State Minister of Post and Telecommunication
- In office 10 October 2001 – 23 May 2003

Member of Parliament for Kushtia-1
- In office 5 March 1991 – 12 December 2003
- Preceded by: Mohammad Korban Ali
- Succeeded by: Bachhu Mollah

Personal details
- Died: 12 December 2003 (aged 70) Dhaka, Bangladesh
- Party: Bangladesh Nationalist Party
- Children: Bachhu Mollah

= Ahsanul Haq Mollah =

Bangladeshi politician

Ahsanul Haq Mollah (known as Pancha Mollah; died 12 December 2003) was a Bangladesh Nationalist Party politician and a four-term Jatiya Sangsad member representing the Kushtia-1 constituency.

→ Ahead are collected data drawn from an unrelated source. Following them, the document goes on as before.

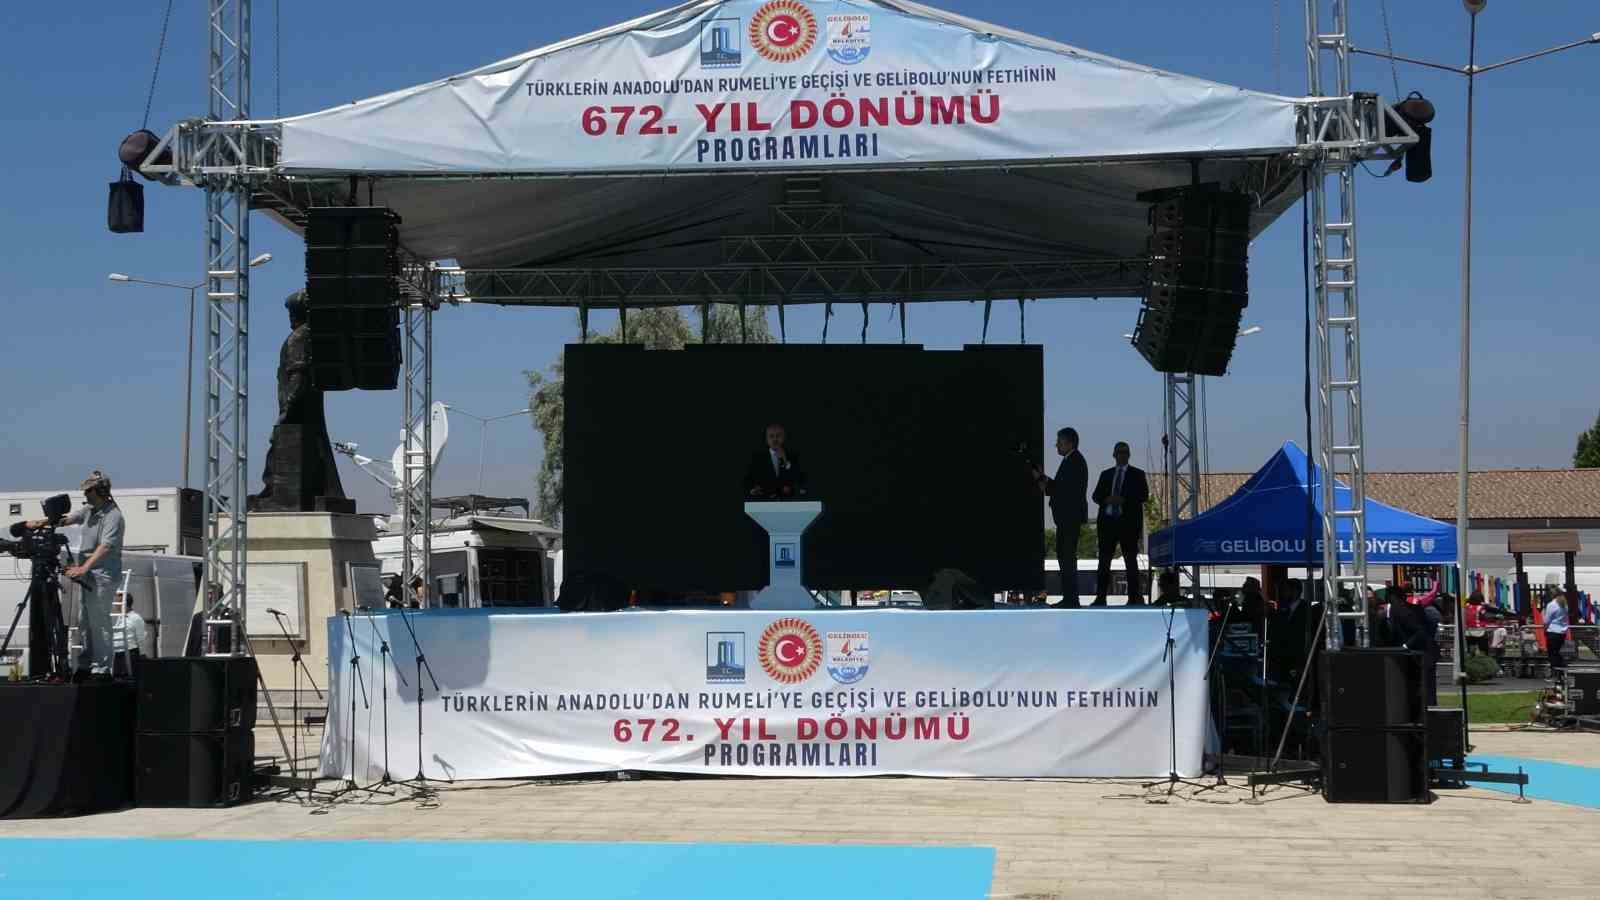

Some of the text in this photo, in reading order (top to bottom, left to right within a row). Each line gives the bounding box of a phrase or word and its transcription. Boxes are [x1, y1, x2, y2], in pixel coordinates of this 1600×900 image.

[526, 65, 1056, 96] TÜRKLERİN ANADOLU'DAN RUMELİ'YE GEÇİŞİ VE GELİBOLU'NUN FETHİNİN
[581, 89, 1000, 136] 672. YIL DÖNÜMÜ
[697, 133, 878, 162] PROGRAMLARI
[1220, 538, 1306, 553] GELİBOLU
[442, 687, 1159, 713] TÜRKLERİN ANADOLU'DAN RUMELİ'YE GEÇİŞİ VE GELİBOLU'NUN FETHİNİN
[613, 712, 970, 743] 672. YIL DÖNÜMÜ
[704, 743, 878, 767] PROGRAMLARI
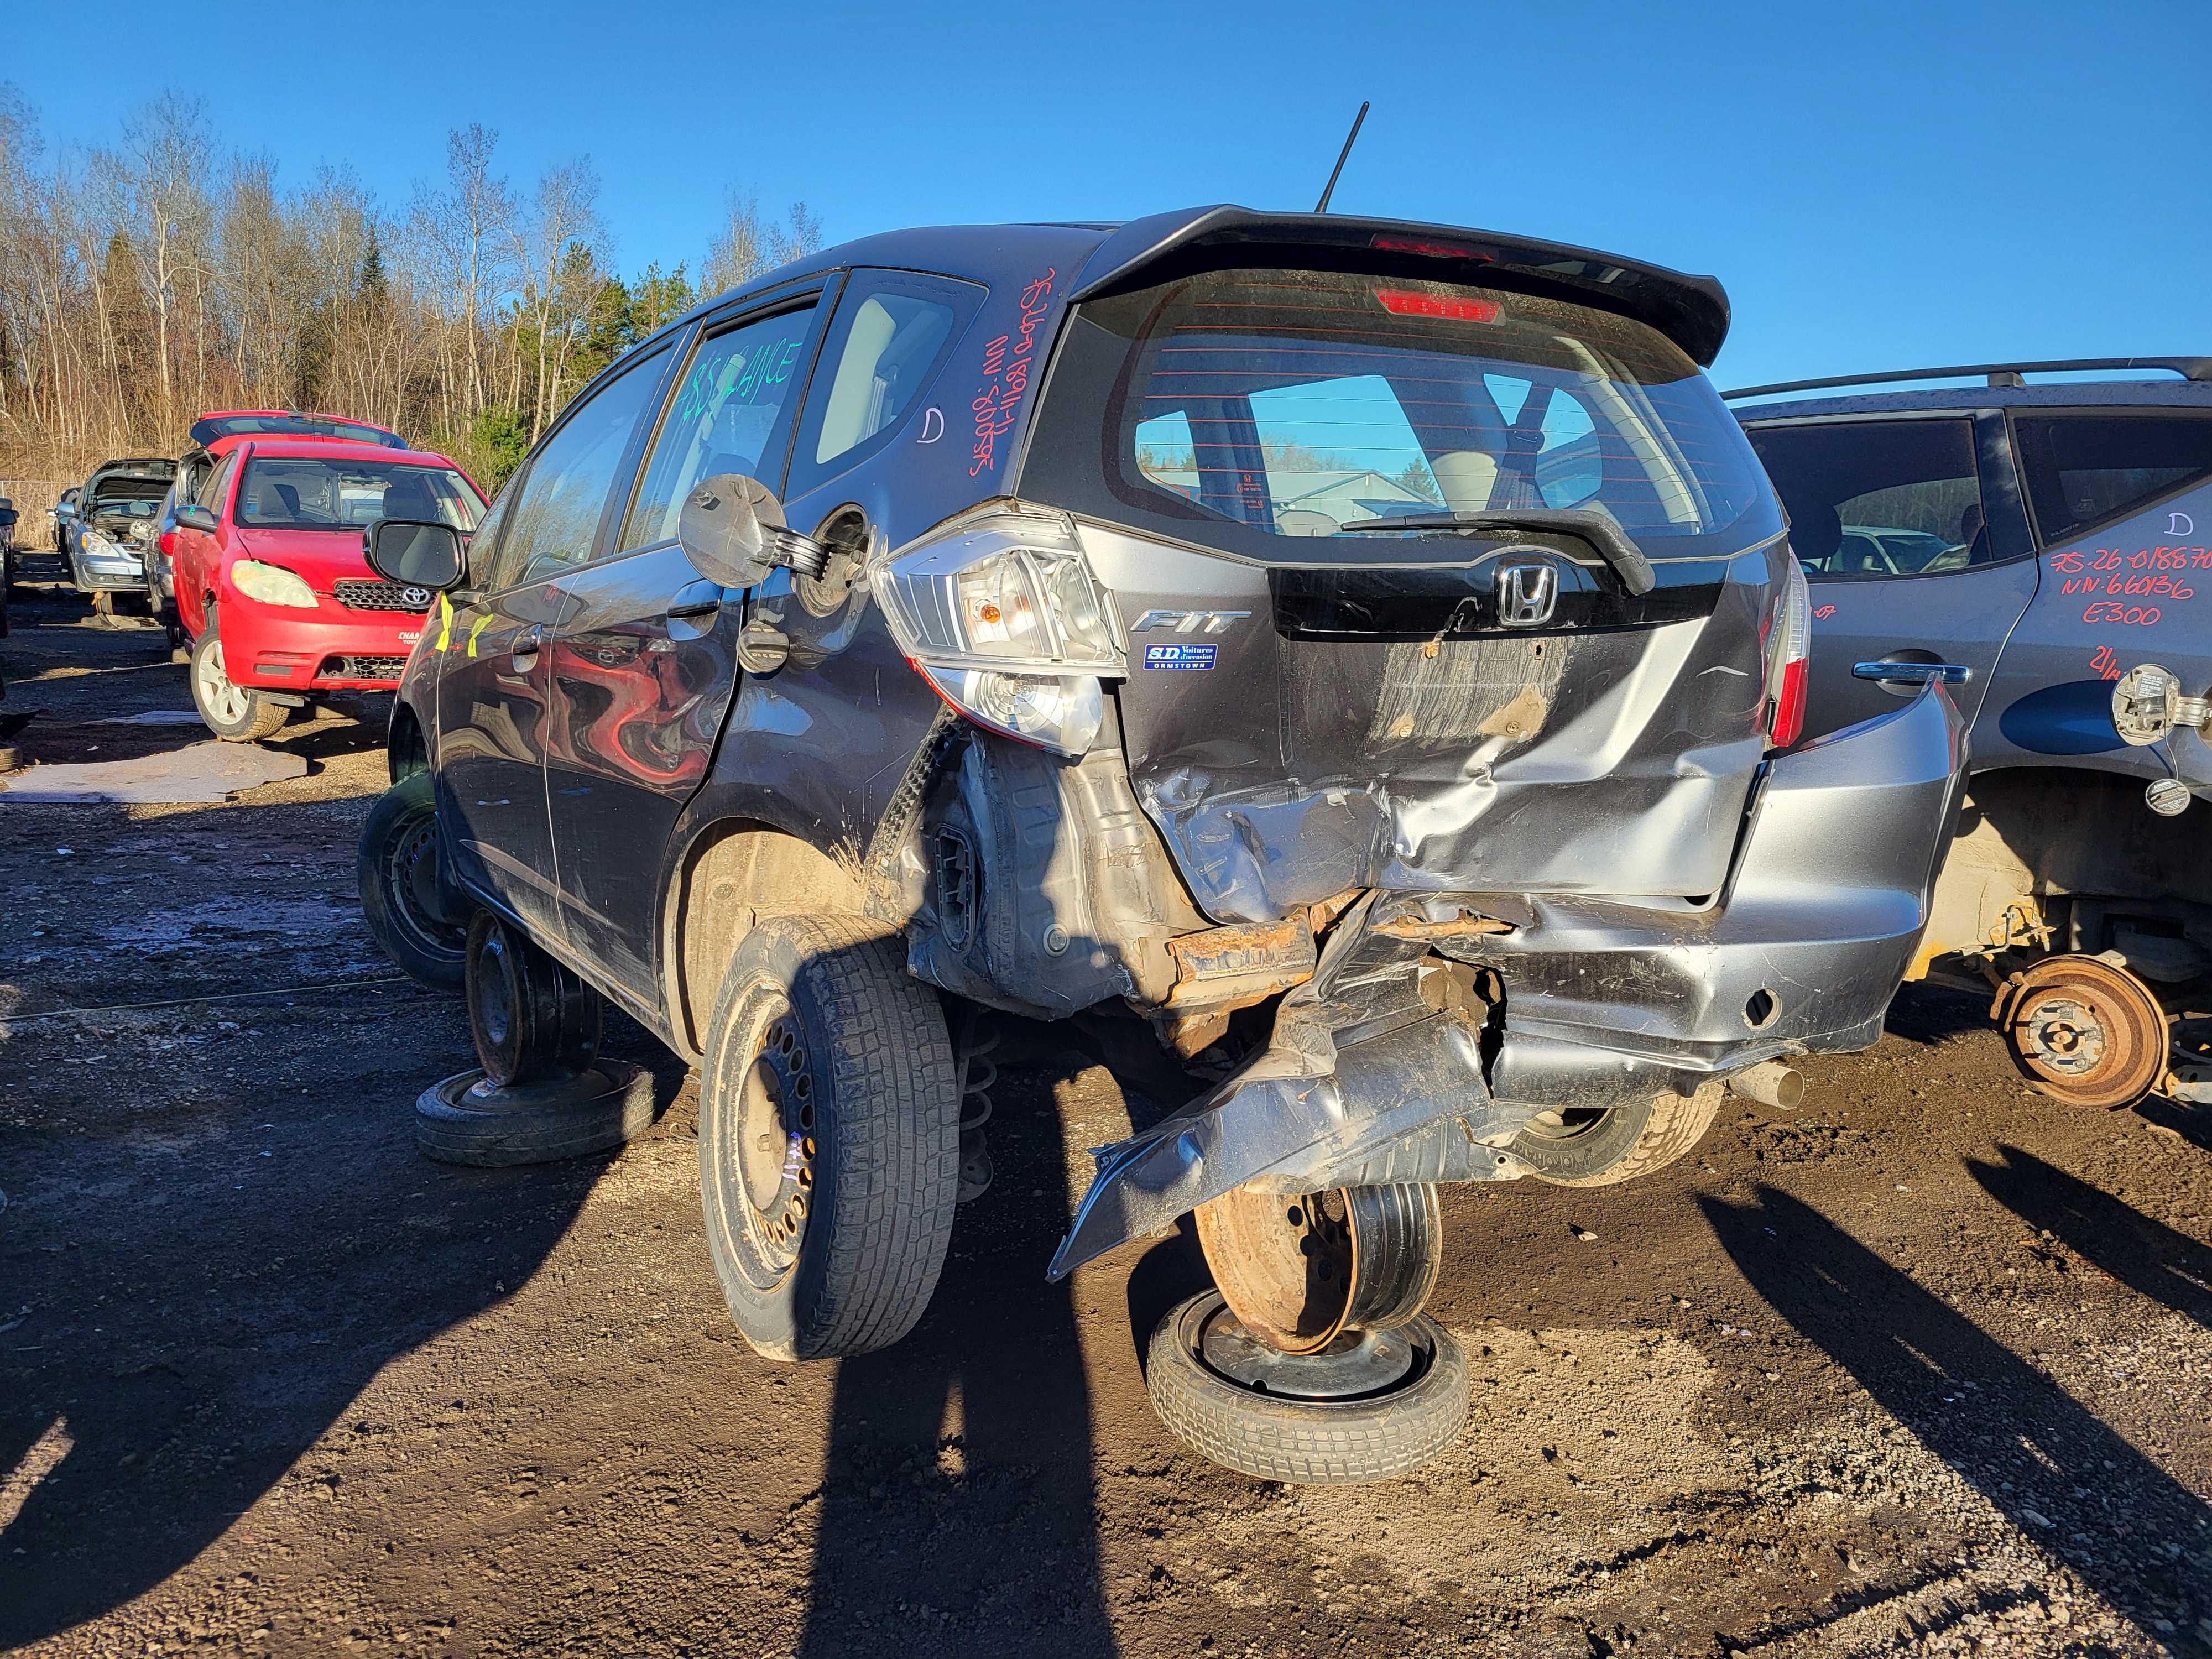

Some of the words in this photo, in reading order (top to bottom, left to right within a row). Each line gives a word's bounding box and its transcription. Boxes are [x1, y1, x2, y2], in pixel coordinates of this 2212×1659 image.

[916, 408, 945, 444] D
[2164, 512, 2194, 536] D
[2083, 602, 2162, 626] E300
[1148, 647, 1180, 660] S.D.

He served as the state minister of post and telecommunication in the third Khaleda Zia cabinet during 2001–2003.

Suffering from liver cancer, Mollah was taken to Bumrungrad Hospital in Bangkok on 23 November 2003. He was later declared clinically dead and he died after his arrival in Dhaka on the way to Bangabandhu Sheikh Mujib Medical University. His son, Bachhu Mollah, was later elected in a by-election for the vacant position of Jatiya Sangsad membership representing the Kushtia-1 constituency.